A Review of EXTINCTION POINT by Paul Antony Jones


It starts with the Red Rain.  Within hours, New York city is dead and only Emily Baxter, a journalist who doesn’t know how to drive, is left.

Of all of the free offerings that I’ve run across on my Kindle, Extinction Point by Paul Antony Jones is at the top of my favorites.  The novel  follows Emily’s attempts to understand what has happened to her city and to contact outside survivors.  The chapters are divided into sections that correspond with days, beginning with the day of the Red Rain and moving out from there.  We get a sense of realism as she sees the change that comes over the city (and world) around her.  The red dust that floats around and finds the bodies of those killed by the rain.  The mutations that happen to those bodies.  The creatures that were once human.
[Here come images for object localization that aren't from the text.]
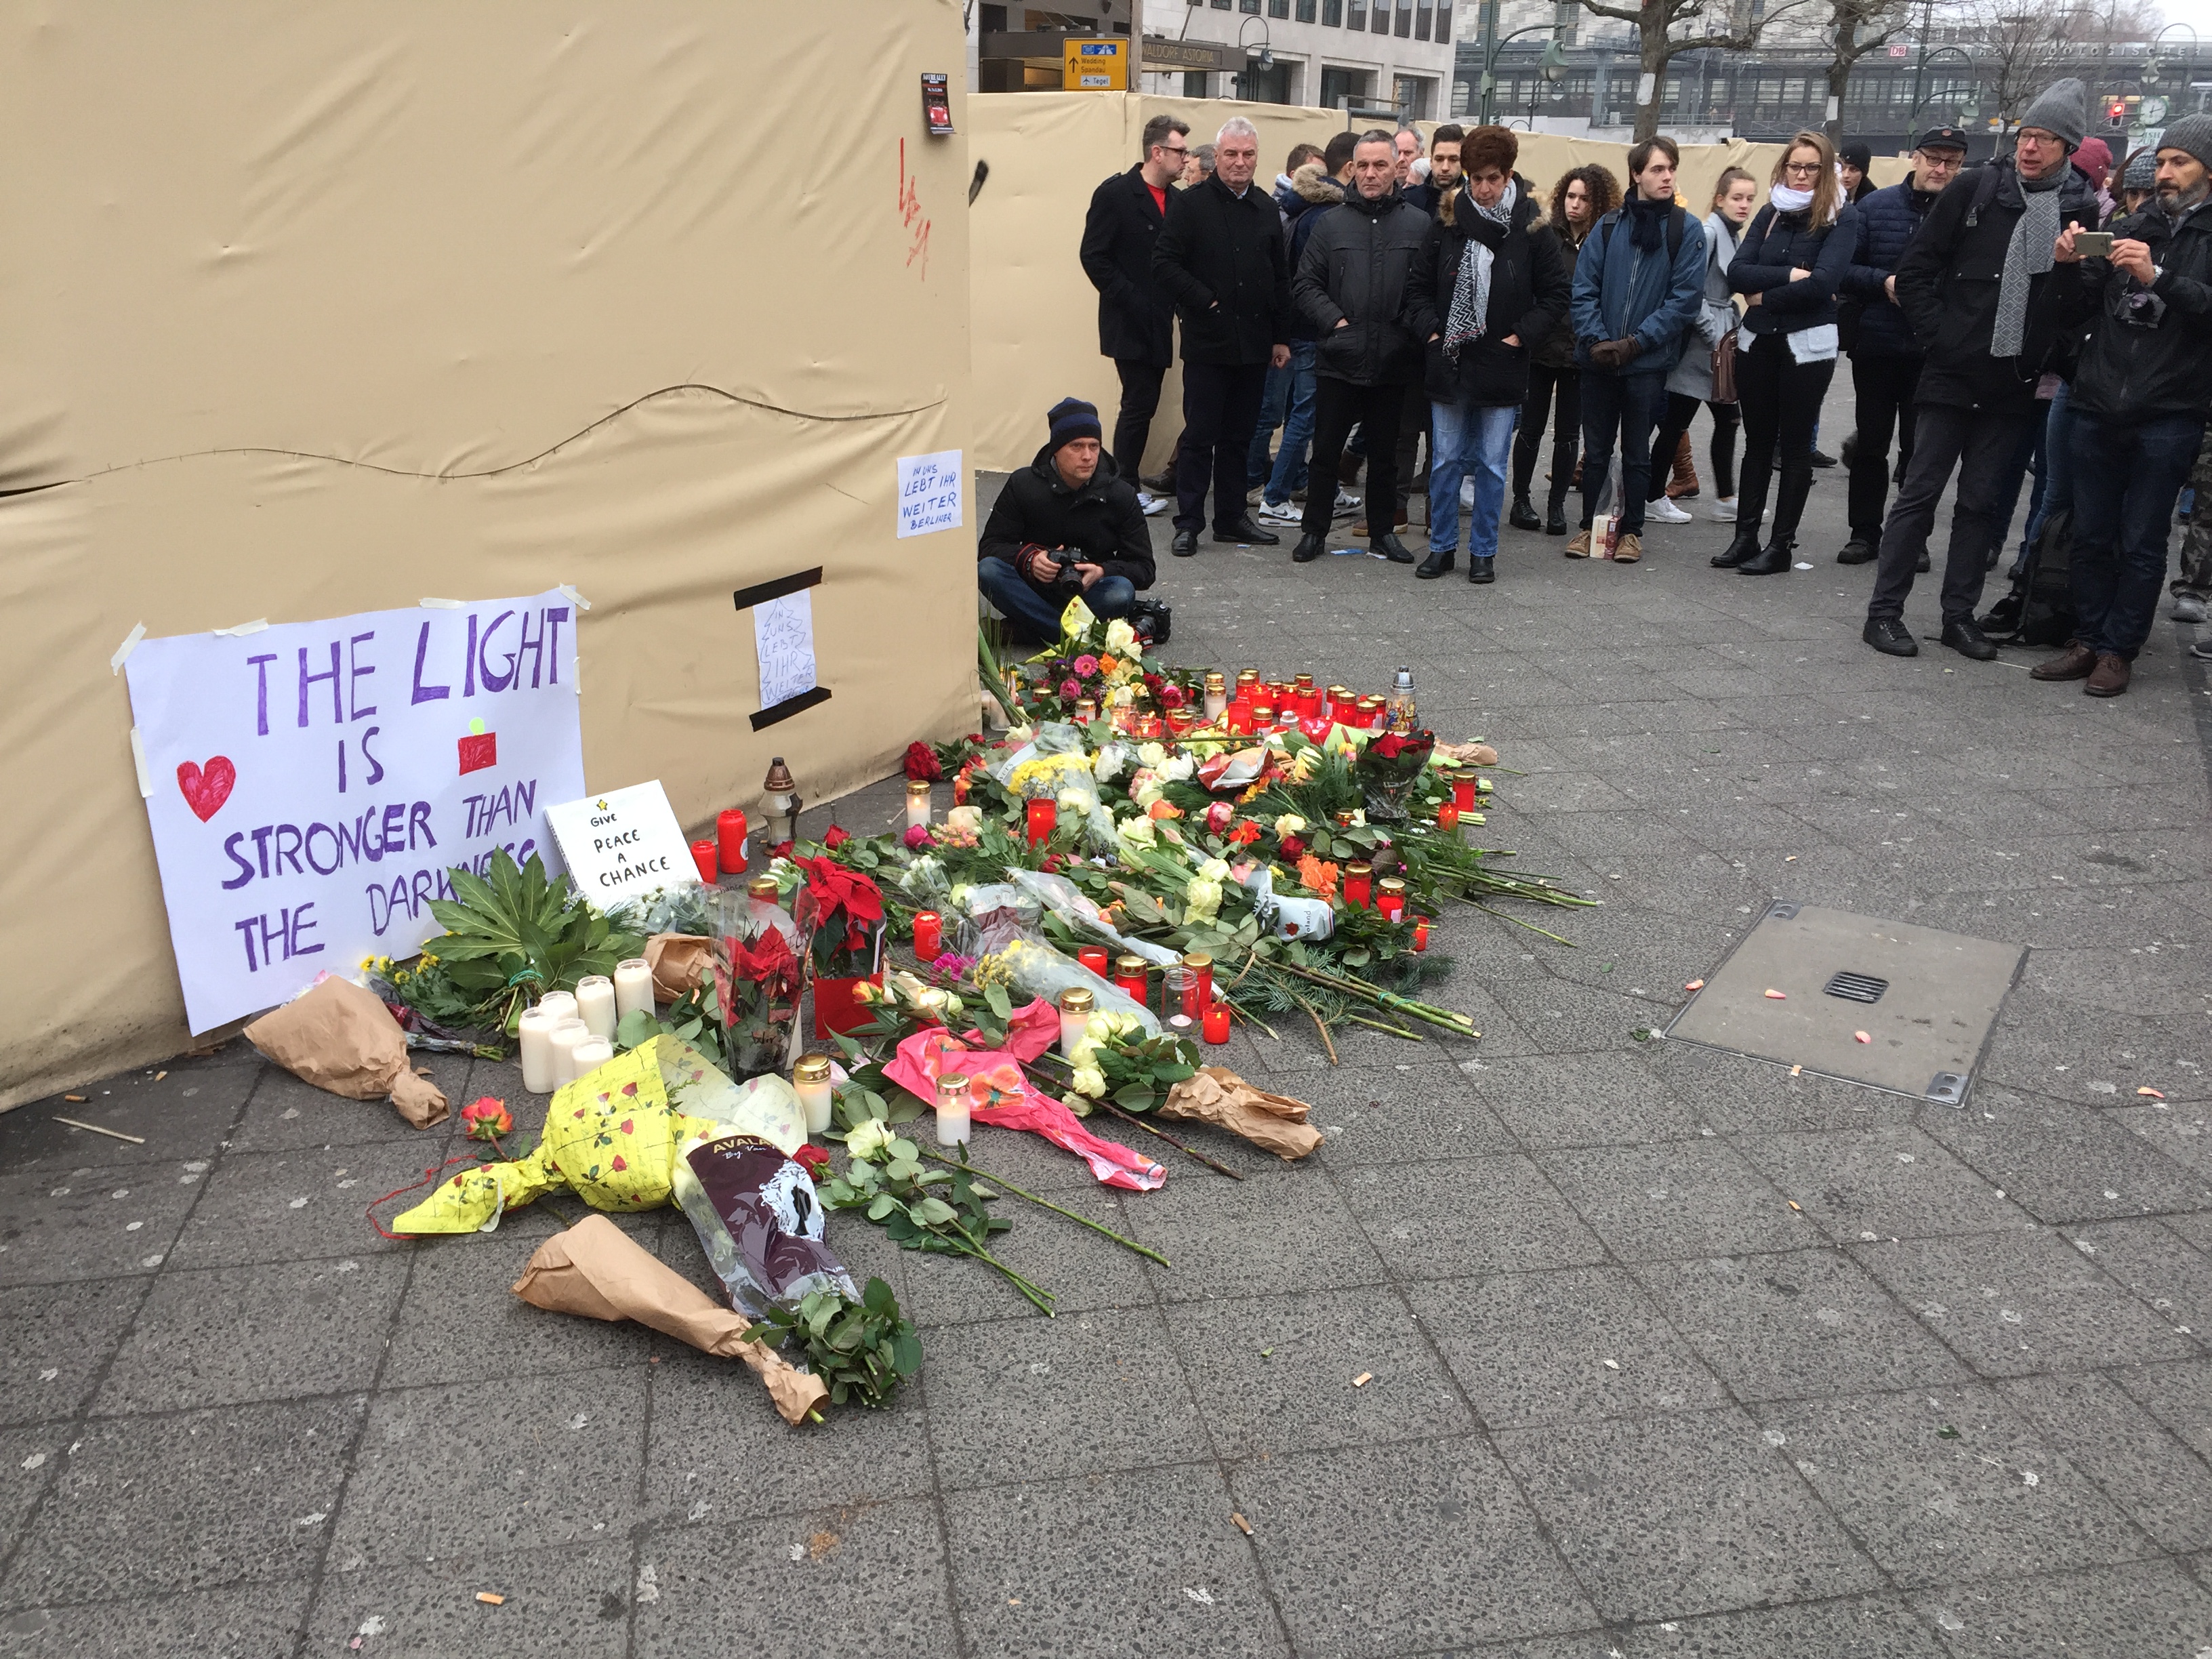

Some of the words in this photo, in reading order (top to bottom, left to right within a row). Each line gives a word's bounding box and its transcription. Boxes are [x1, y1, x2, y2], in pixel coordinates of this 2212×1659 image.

[1183, 49, 1214, 63] ASTORIA
[1891, 46, 1907, 56] DB
[1081, 58, 1106, 66] Wedding
[1093, 77, 1108, 85] Tegel
[913, 466, 922, 476] IN
[923, 464, 938, 476] UNS
[905, 476, 936, 497] LEBT
[939, 472, 956, 488] IHR
[903, 491, 957, 518] WEITER
[910, 513, 952, 530] BERLINER
[775, 610, 783, 619] IN
[771, 621, 793, 636] UNS
[765, 634, 798, 657] LEBT
[247, 630, 377, 736] THE
[411, 608, 569, 706] LIGHT
[775, 651, 800, 678] IHR
[766, 667, 813, 701] WEITER
[338, 726, 384, 793] IS
[590, 813, 617, 827] GIVE
[221, 801, 437, 890] STRONGER
[462, 779, 537, 839] THAN
[594, 829, 640, 853] PEACE
[617, 853, 627, 863] A
[599, 856, 670, 887] CHANCE
[235, 902, 325, 972] THE
[365, 838, 535, 937] DARKNES
[713, 1138, 774, 1153] AVALA
[722, 1151, 743, 1160] By
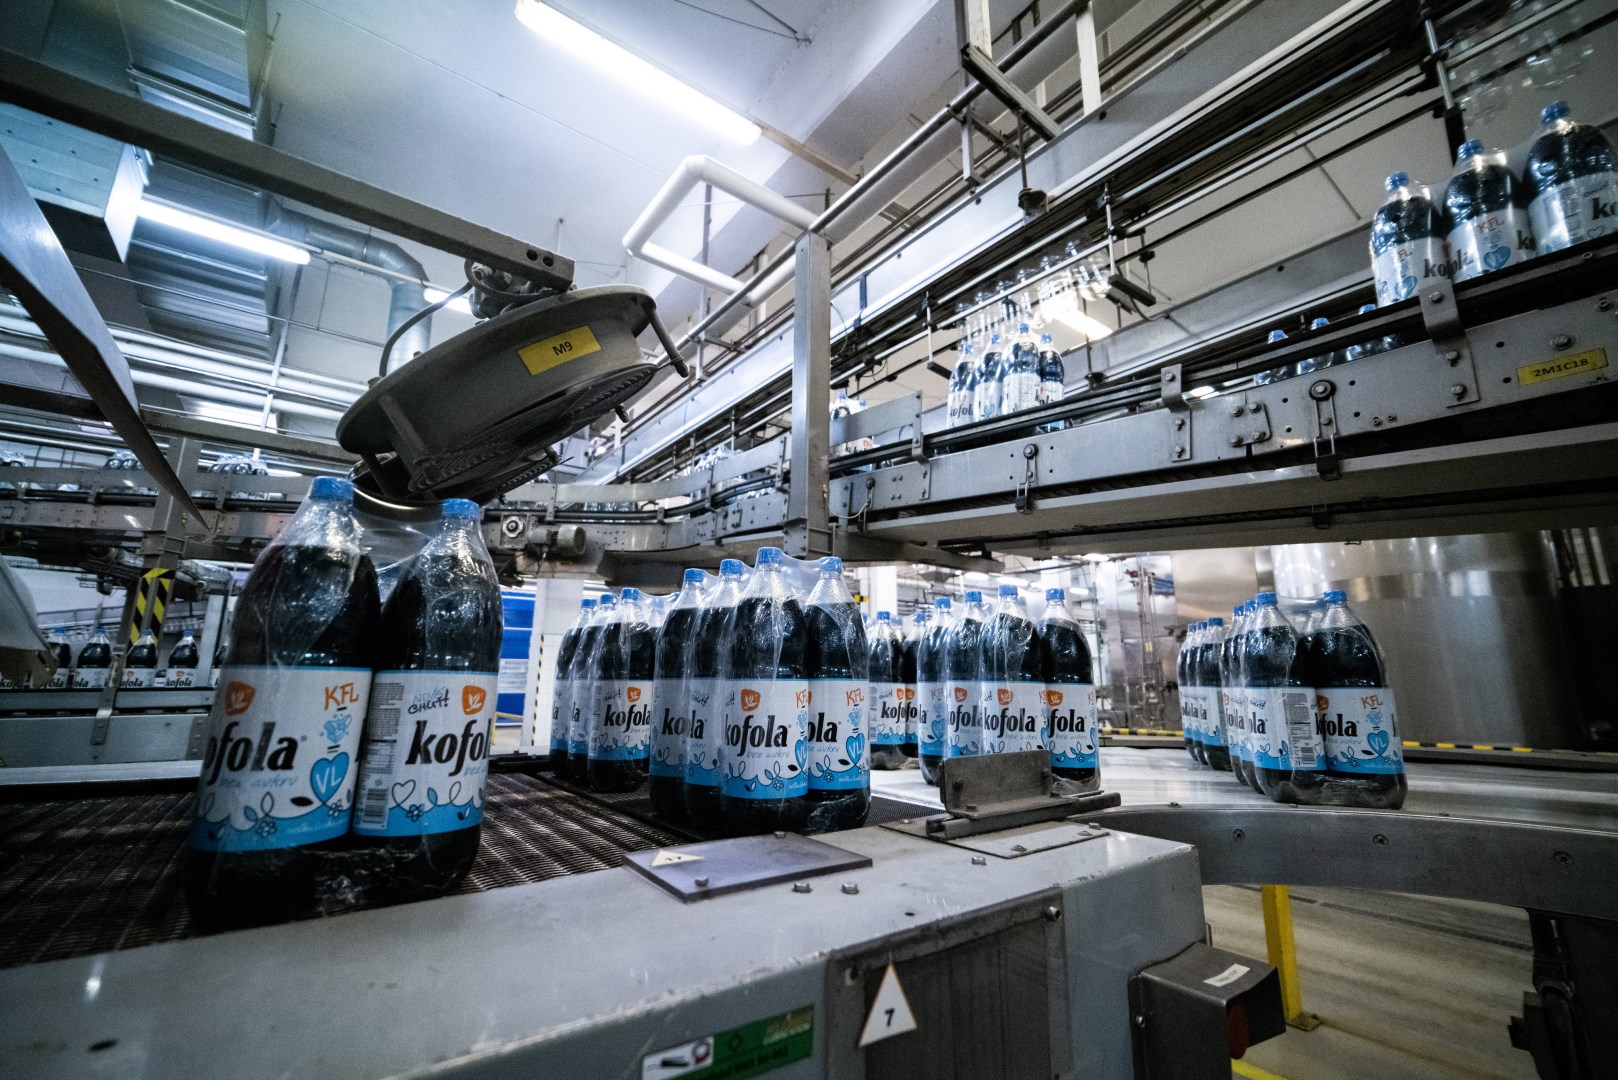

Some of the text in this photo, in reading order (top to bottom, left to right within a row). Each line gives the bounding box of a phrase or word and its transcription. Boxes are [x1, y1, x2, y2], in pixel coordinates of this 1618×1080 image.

[552, 341, 573, 356] M9
[1533, 358, 1589, 377] 2M1C18
[324, 682, 359, 711] KFL
[845, 687, 865, 707] KFL
[1361, 694, 1383, 709] KFL
[984, 707, 1036, 738] kofola
[1047, 708, 1085, 738] fola
[848, 740, 863, 759] VL
[1371, 736, 1387, 750] VL
[315, 766, 342, 795] VL
This was a real page-turner.  At times, my heart was racing in fear for what was going on around her.  Just wait until her first attempt to make it back to her apartment after the electricity fails.  I have seen reviews of the book that talk about how the author could have told this entire story in three chapters.  But we wouldn’t have gotten the sense of the passing of time and the claustrophobic loneliness that she is experiencing if he’d done that.  Eventually, she heads north to find survivors in the Arctic.  I’ve been waiting a while for the sequel, which is due out this summer.  I hope that it lives up to this first chapter.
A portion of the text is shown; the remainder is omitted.